What's needed is a word-for-word retyping of the entries below, pictures omitted.

%%

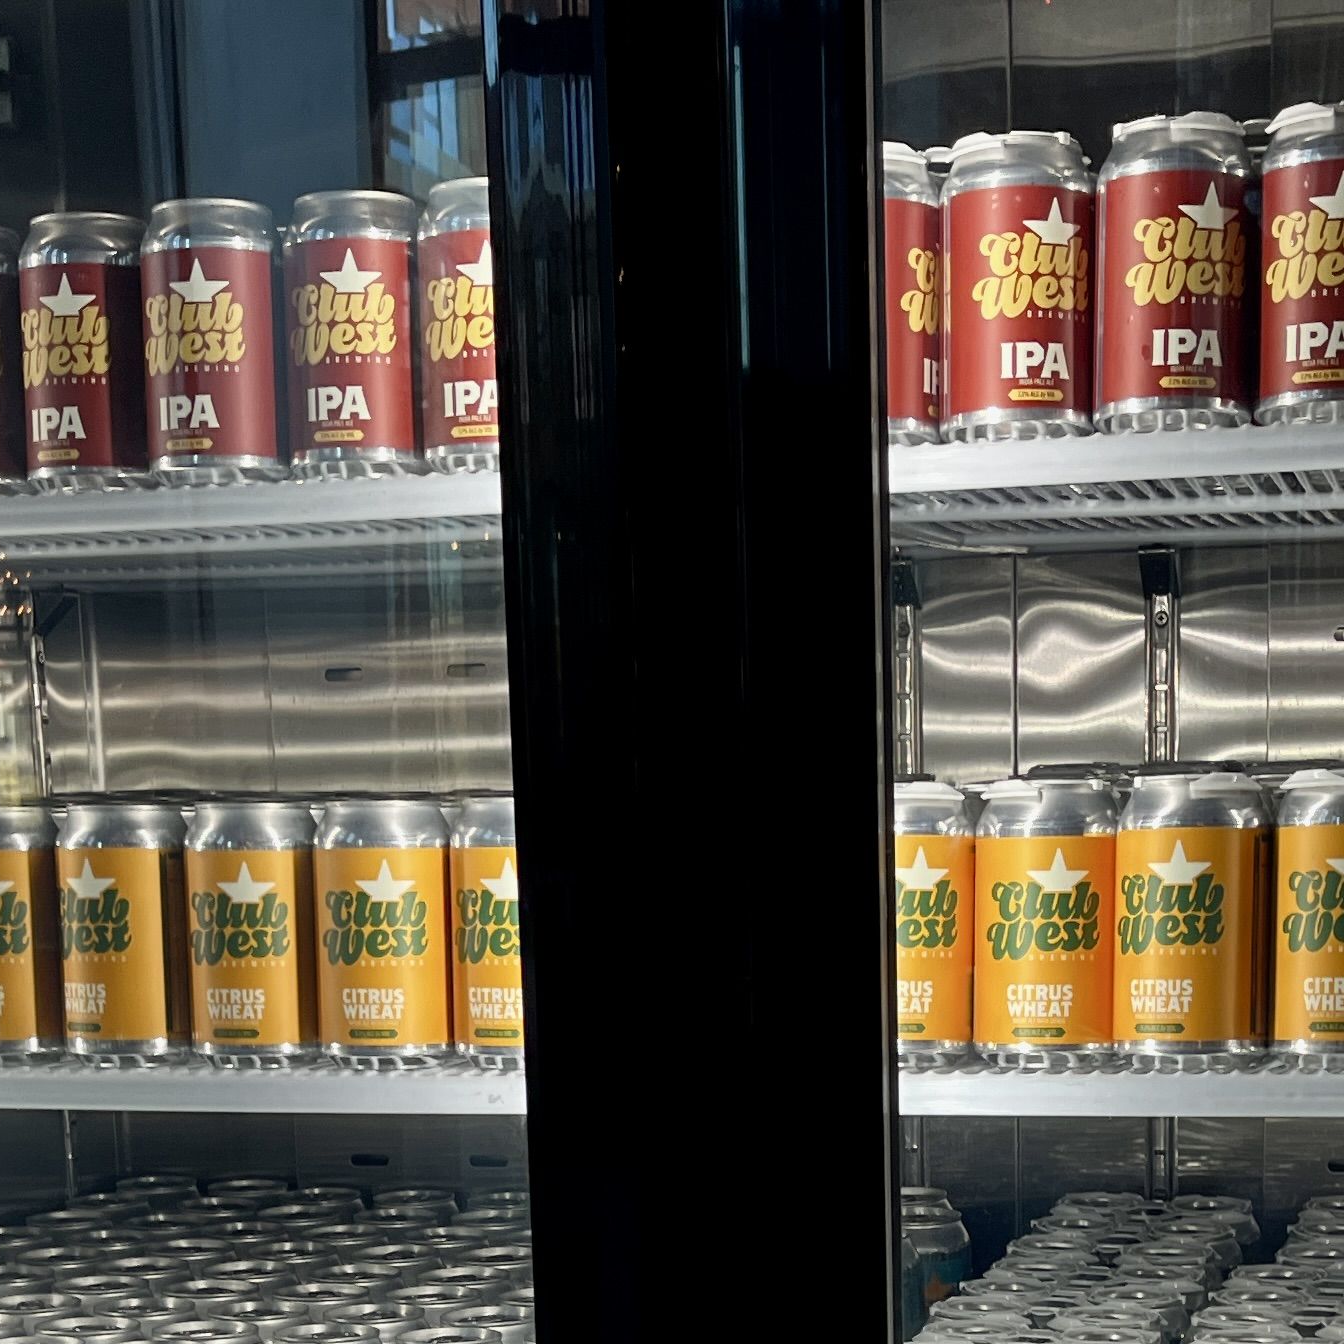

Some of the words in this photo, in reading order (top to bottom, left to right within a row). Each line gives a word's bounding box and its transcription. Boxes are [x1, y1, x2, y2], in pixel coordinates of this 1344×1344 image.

[146, 292, 244, 335] Club
[294, 283, 394, 323] Club
[146, 330, 245, 376] West
[293, 319, 397, 366] West
[1000, 342, 1070, 380] IPA
[1151, 328, 1224, 367] IPA
[160, 394, 220, 432] IPA
[308, 386, 371, 422] IPA
[325, 890, 428, 928] Club
[992, 880, 1099, 919] Club
[324, 925, 428, 966] West
[987, 916, 1100, 961] West
[343, 987, 405, 1004] CITRUS
[343, 1004, 405, 1019] WHEAT
[1007, 984, 1073, 1001] CITRUS
[1007, 1001, 1072, 1018] WHEAT

%%

▶ [TASK RESPONSE]:
Some of the words in this photo, in reading order (top to bottom, left to right within a row). Each line gives a word's bounding box and its transcription. Boxes are [x1, y1, x2, y2], in pixel coordinates of this 1344×1344 image.

[146, 292, 244, 335] Club
[294, 283, 394, 323] Club
[146, 330, 245, 376] West
[293, 319, 397, 366] West
[1000, 342, 1070, 380] IPA
[1151, 328, 1224, 367] IPA
[160, 394, 220, 432] IPA
[308, 386, 371, 422] IPA
[325, 890, 428, 928] Club
[992, 880, 1099, 919] Club
[324, 925, 428, 966] West
[987, 916, 1100, 961] West
[343, 987, 405, 1004] CITRUS
[343, 1004, 405, 1019] WHEAT
[1007, 984, 1073, 1001] CITRUS
[1007, 1001, 1072, 1018] WHEAT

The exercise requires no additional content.